> [REQUIRED ACTION] The entries below must be retyped exactly. Pictures are to be omitted.

> [DATA SHOWN]
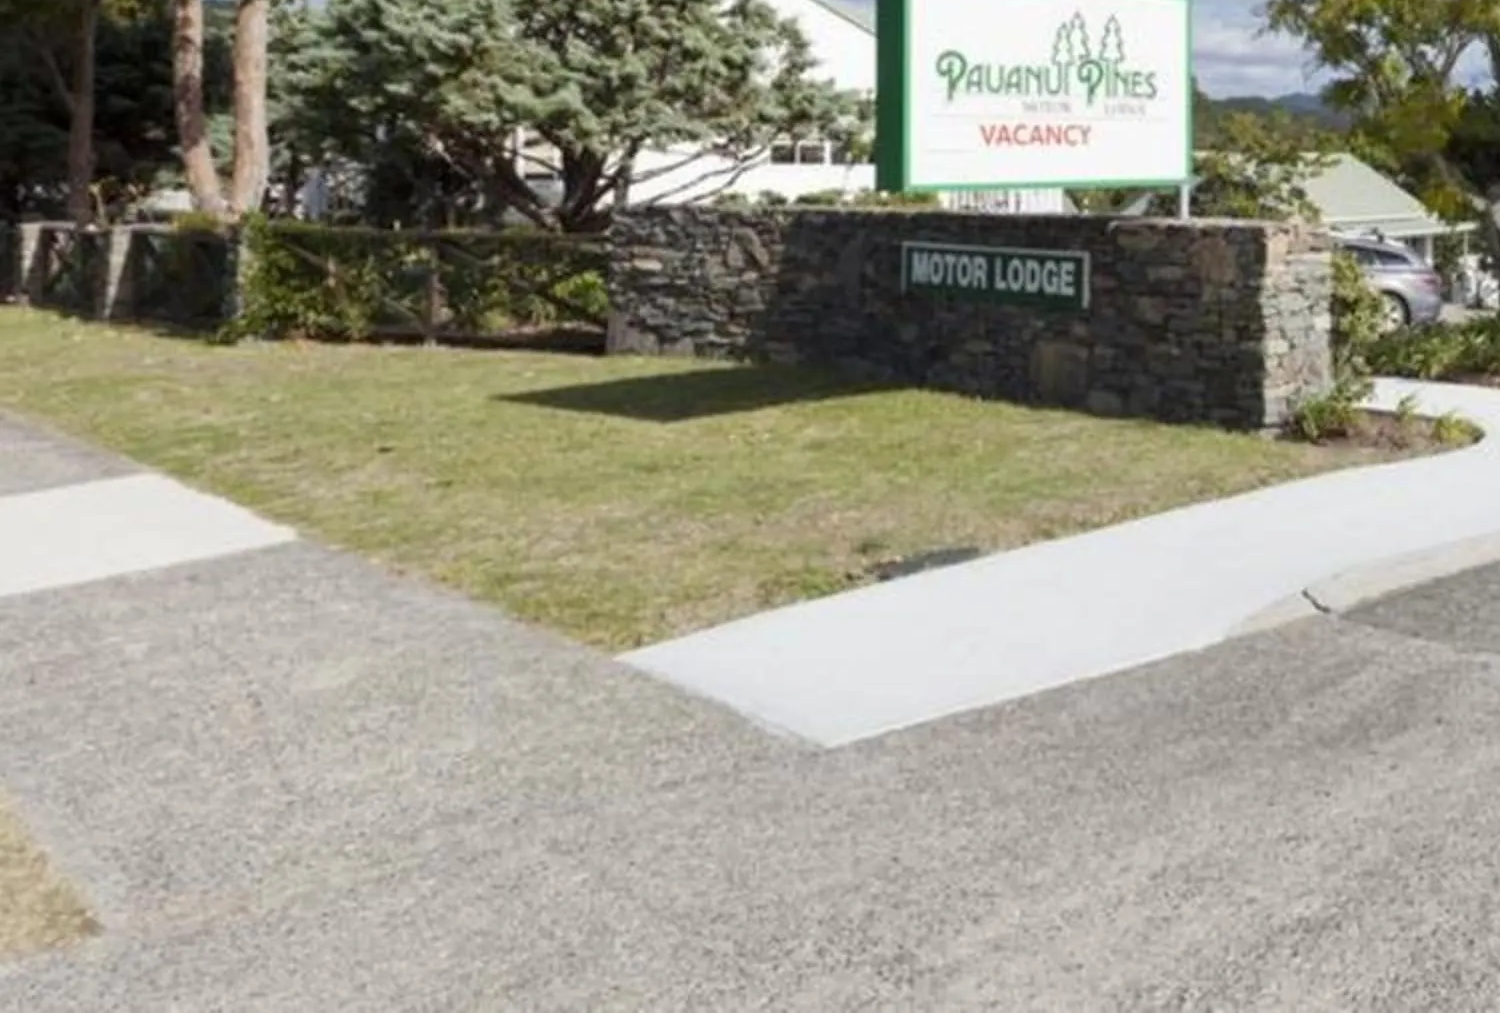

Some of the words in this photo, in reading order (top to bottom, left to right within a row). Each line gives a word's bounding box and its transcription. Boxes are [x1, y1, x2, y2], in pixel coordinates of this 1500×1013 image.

[979, 123, 1092, 147] VACANCY
[911, 250, 988, 289] MOTOR
[994, 256, 1076, 296] LODGE
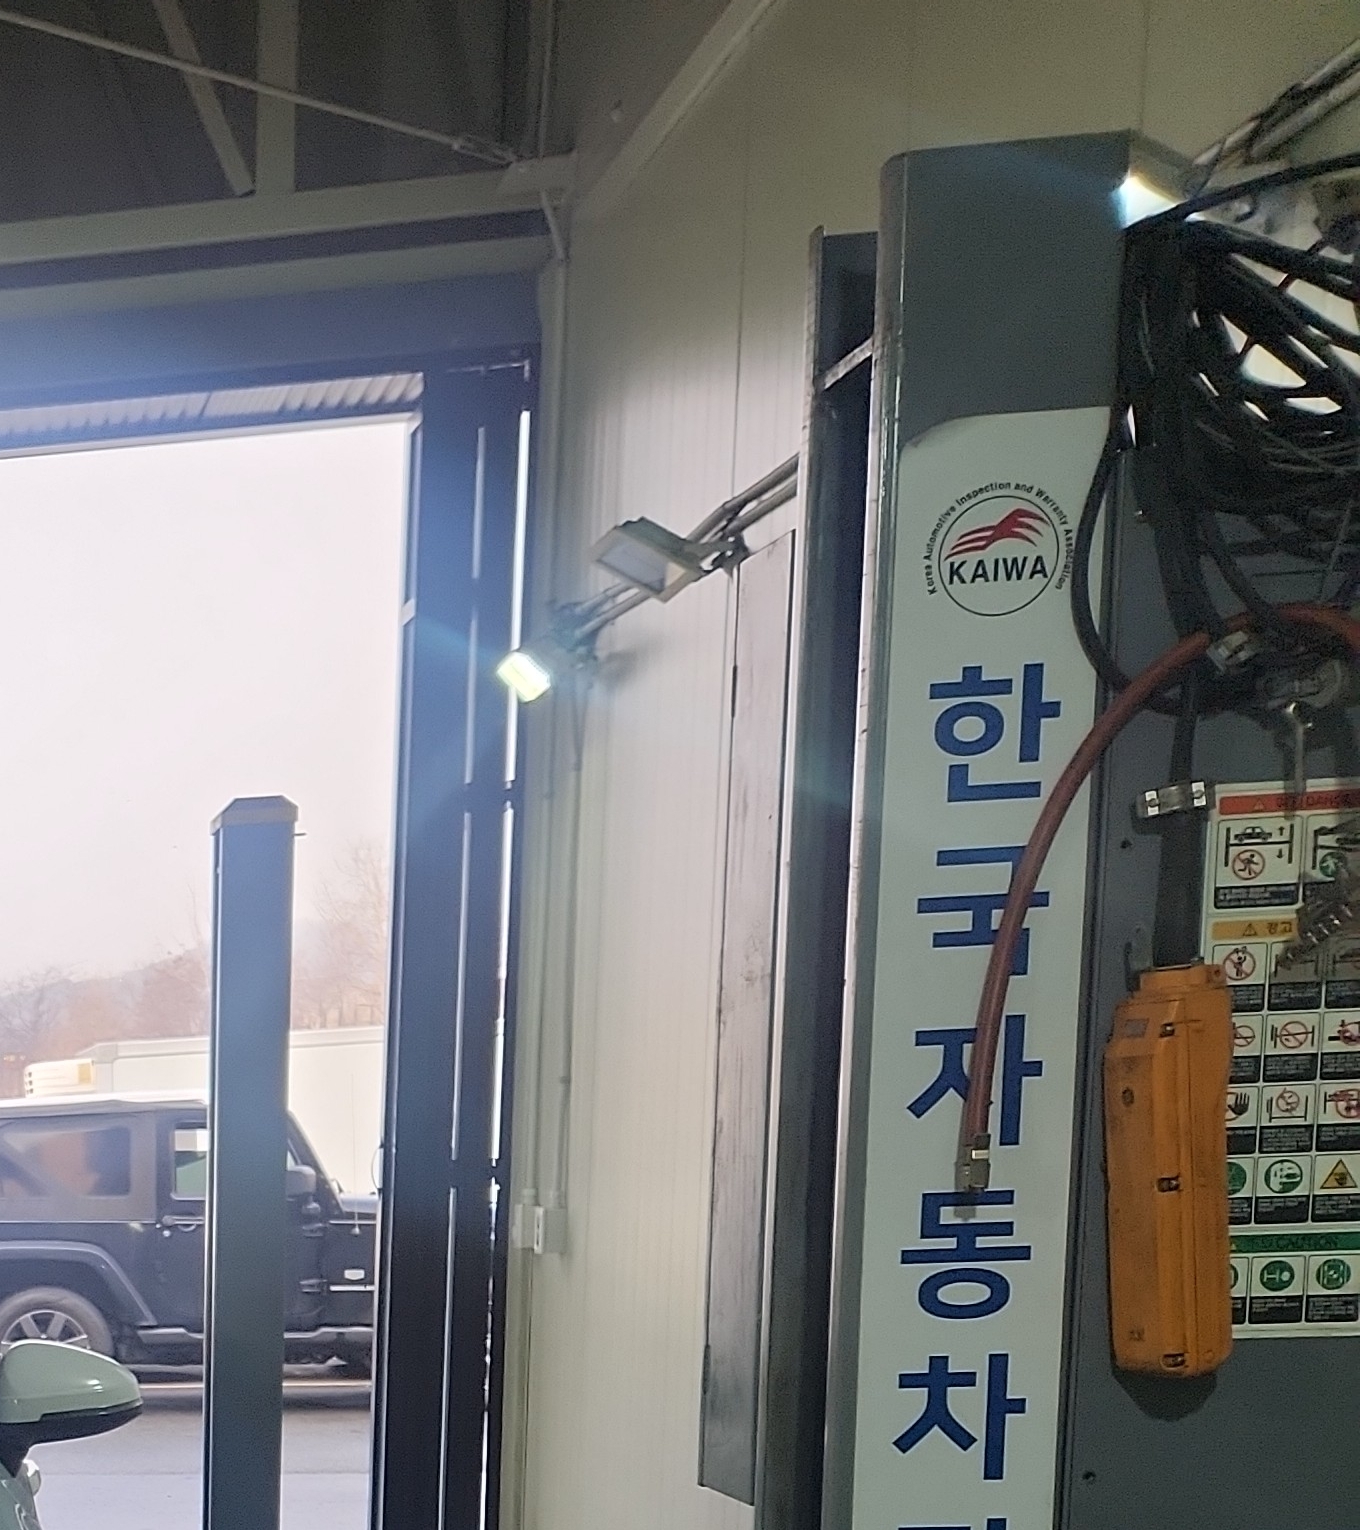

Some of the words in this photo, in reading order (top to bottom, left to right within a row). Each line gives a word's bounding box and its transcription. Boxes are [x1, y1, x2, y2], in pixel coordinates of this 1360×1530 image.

[956, 482, 1011, 507] Inspection
[1014, 482, 1034, 494] and
[1035, 488, 1069, 526] Warranty
[922, 506, 957, 561] Automotive
[924, 565, 937, 596] Korea
[948, 555, 1049, 586] KAIWA

> [RESULT OF THIS TASK]
Some of the words in this photo, in reading order (top to bottom, left to right within a row). Each line gives a word's bounding box and its transcription. Boxes are [x1, y1, x2, y2], in pixel coordinates of this 1500×1013 image.

[979, 123, 1092, 147] VACANCY
[911, 250, 988, 289] MOTOR
[994, 256, 1076, 296] LODGE

Some of the words in this photo, in reading order (top to bottom, left to right within a row). Each line gives a word's bounding box and its transcription. Boxes are [x1, y1, x2, y2], in pixel coordinates of this 1360×1530 image.

[956, 482, 1011, 507] Inspection
[1014, 482, 1034, 494] and
[1035, 488, 1069, 526] Warranty
[922, 506, 957, 561] Automotive
[924, 565, 937, 596] Korea
[948, 555, 1049, 586] KAIWA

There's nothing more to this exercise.